De kantonrechter stelt voorop dat een vordering in kort geding alleen kan worden toegewezen als Domijn daarbij een spoedeisend belang heeft. Dat is hier het geval, gelet op de door Domijn geschetste omstandigheden. Er is bij Domijn een gegronde vrees dat [gedaagde] niet tijdig de woning zal ontruimen en hierdoor dreigt vertraging ten aanzien van het sloop- en nieuwbouwproject.
Toetsingskader in kort geding
5.2.
Voor toewijzing van de voorlopige voorziening zoals die door Domijn wordt gevorderd, moet het in hoge mate waarschijnlijk zijn dat een gelijkluidende vordering in een te voeren bodemprocedure zal worden toegewezen.
Inhoudelijke beoordeling
5.3.
Op grond van artikel 139 Wetboek van Burgerlijke Rechtsvordering (Rv) dient de voorzieningenrechter in geval van verstek de vorderingen van Domijn toe te wijzen, tenzij deze onrechtmatig of ongegrond voorkomen. Naar het oordeel van de kantonrechter komen de vorderingen niet onrechtmatig of ongegrond voor. De vorderingen zullen daarom grotendeels worden toegewezen.
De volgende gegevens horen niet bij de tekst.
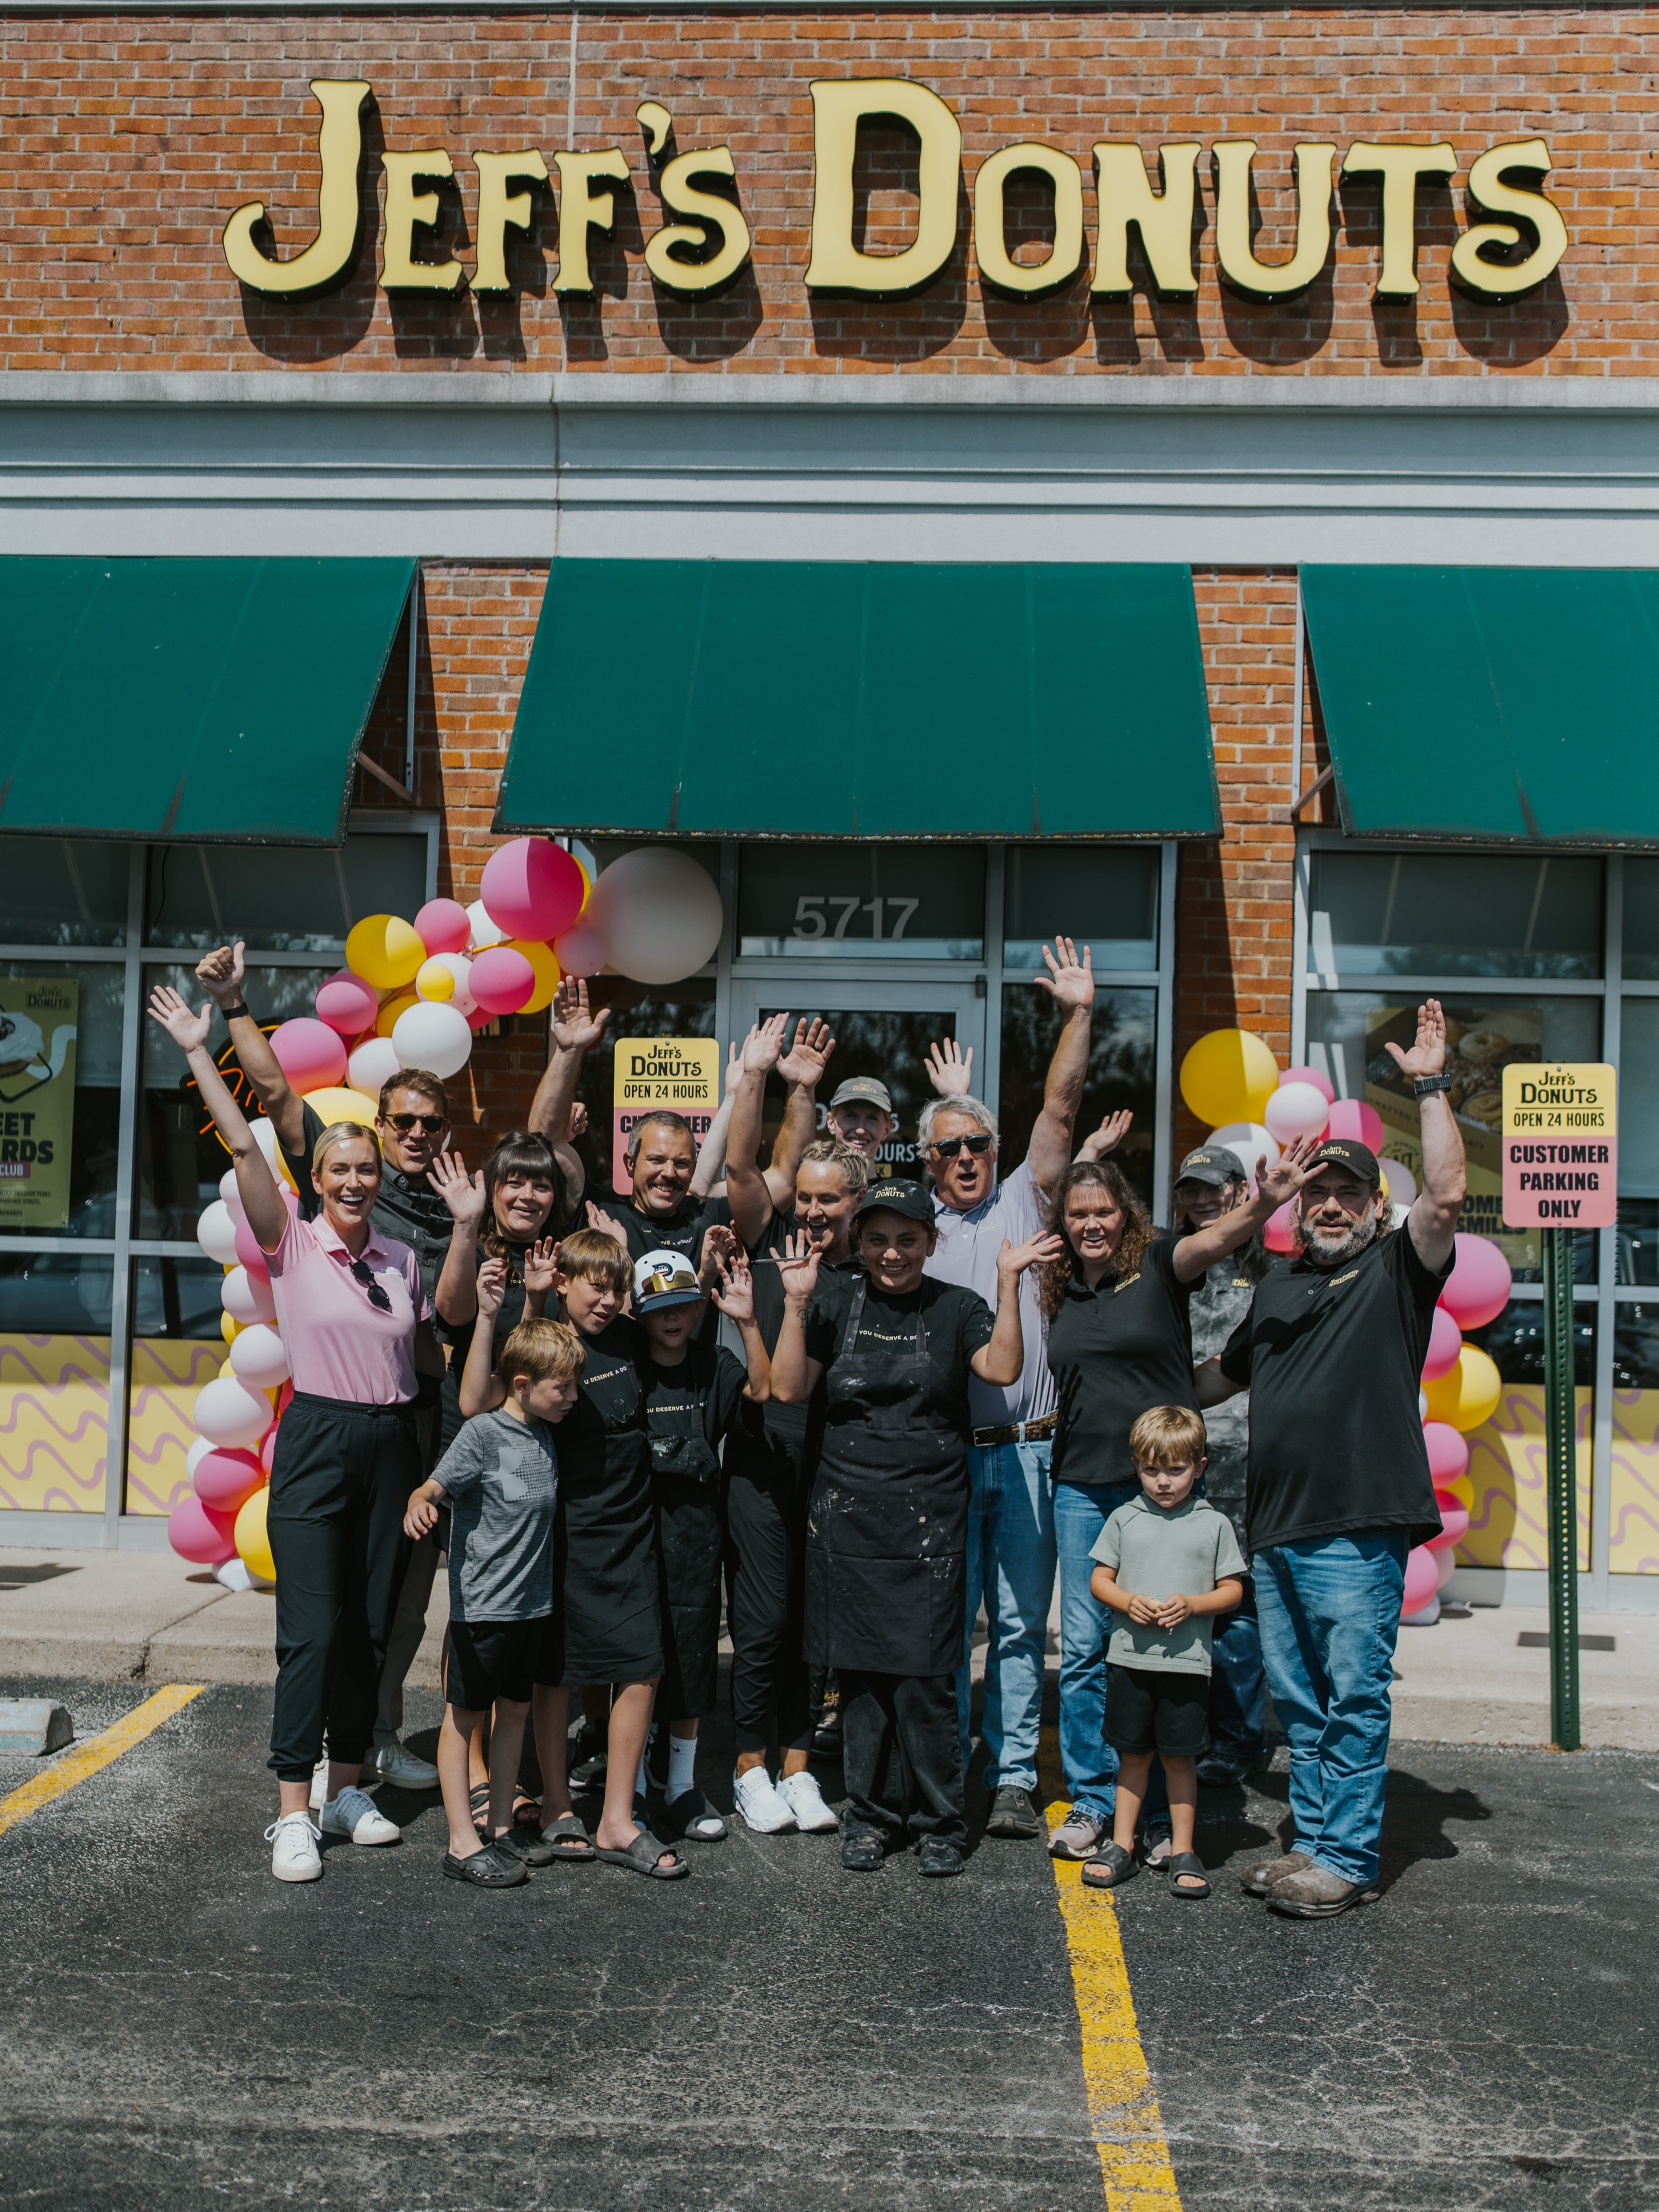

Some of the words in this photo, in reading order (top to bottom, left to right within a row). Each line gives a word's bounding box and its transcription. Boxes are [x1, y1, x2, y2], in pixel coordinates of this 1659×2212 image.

Dit zal hierna worden uitgelegd.
De ontruiming
5.4.
Domijn is voornemens de wijk waarin de huurwoning gelegen is grootschalig te herstructureren. Dit herstructureringsplan houdt in grote lijnen in dat in totaal in de wijk 51 woningen worden gesloopt. Vervolgens worden er 45 nieuwbouwwoningen voor teruggebouwd.
5.5.
[gedaagde] heeft in deze procedure geen verweer gevoerd. Uit de door Domijn ingediende producties blijkt dat [gedaagde] op 30 januari 2025 heeft ingestemd met de huurbeëindiging tegen 15 mei 2025. Domijn heeft onweersproken gesteld dat zij de woning wegens dringend eigen gebruik nodig heeft. De woning moet gesloopt worden.
5.6.
De kantonrechter acht het aannemelijk dat een bodemrechter in de gegeven omstandigheden een vordering tot ontbinding van de huurovereenkomst zal toewijzen. Vooruitlopend hierop kan de vordering van Domijn tot veroordeling van [gedaagde] tot ontruiming van de woning worden toegewezen met inachtneming van het navolgende.
5.7.
Nu de huurovereenkomst met ingang van 15 mei 2025 zal eindigen, betekent dit dat [gedaagde] ook pas op deze datum zonder recht of titel in de huurwoning verblijft. [gedaagde] is op dit moment nog niet in verzuim. De kantonrechter merkt op dat [gedaagde] dan ook in de gelegenheid moet worden gesteld om de woning zelf te ontruimen voor 15 mei 2025. Domijn heeft tijdens de mondelinge behandeling kenbaar gemaakt bereid te zijn [gedaagde] te helpen met de verhuizing. Verder houdt Domijn op dit moment twee wisselwoningen voor [gedaagde] achter.
5.8.
Voor het geval [gedaagde] de woning niet tijdig zelf ontruimt, zal de kantonrechter de gevorderde ontruiming van de woning toewijzen, waarbij de ontruimingstermijn zal worden vastgesteld op een termijn van zeven dagen na de datum van betekening van dit vonnis.
Proceskosten
5.9.
In de omstandigheid dat [gedaagde] op dit moment nog niet in verzuim is, ziet de kantonrechter aanleiding om de proceskosten te compenseren. Dat betekent dat iedere partij de eigen proceskosten moet betalen.

6.De beslissing

De kantonrechter
6.1.
veroordeelt [gedaagde] om binnen zeven dagen na betekening van dit vonnis de woning gelegen aan de [adres] te ontruimen (en ontruimd te houden) en te verlaten met al het zijne en de zijnen onder afgifte van alle sleutels aan Domijn,
6.2.
compenseert de proceskosten, in die zin dat iedere partij de eigen proceskosten draagt,
6.3.
verklaart dit vonnis tot zover uitvoerbaar bij voorraad,
6.4.
wijst het meer of anders gevorderde af.
Dit vonnis is gewezen door mr. A.J. Louter en in het openbaar uitgesproken door
mr. A.M.S. Kuipers op 9 mei 2025.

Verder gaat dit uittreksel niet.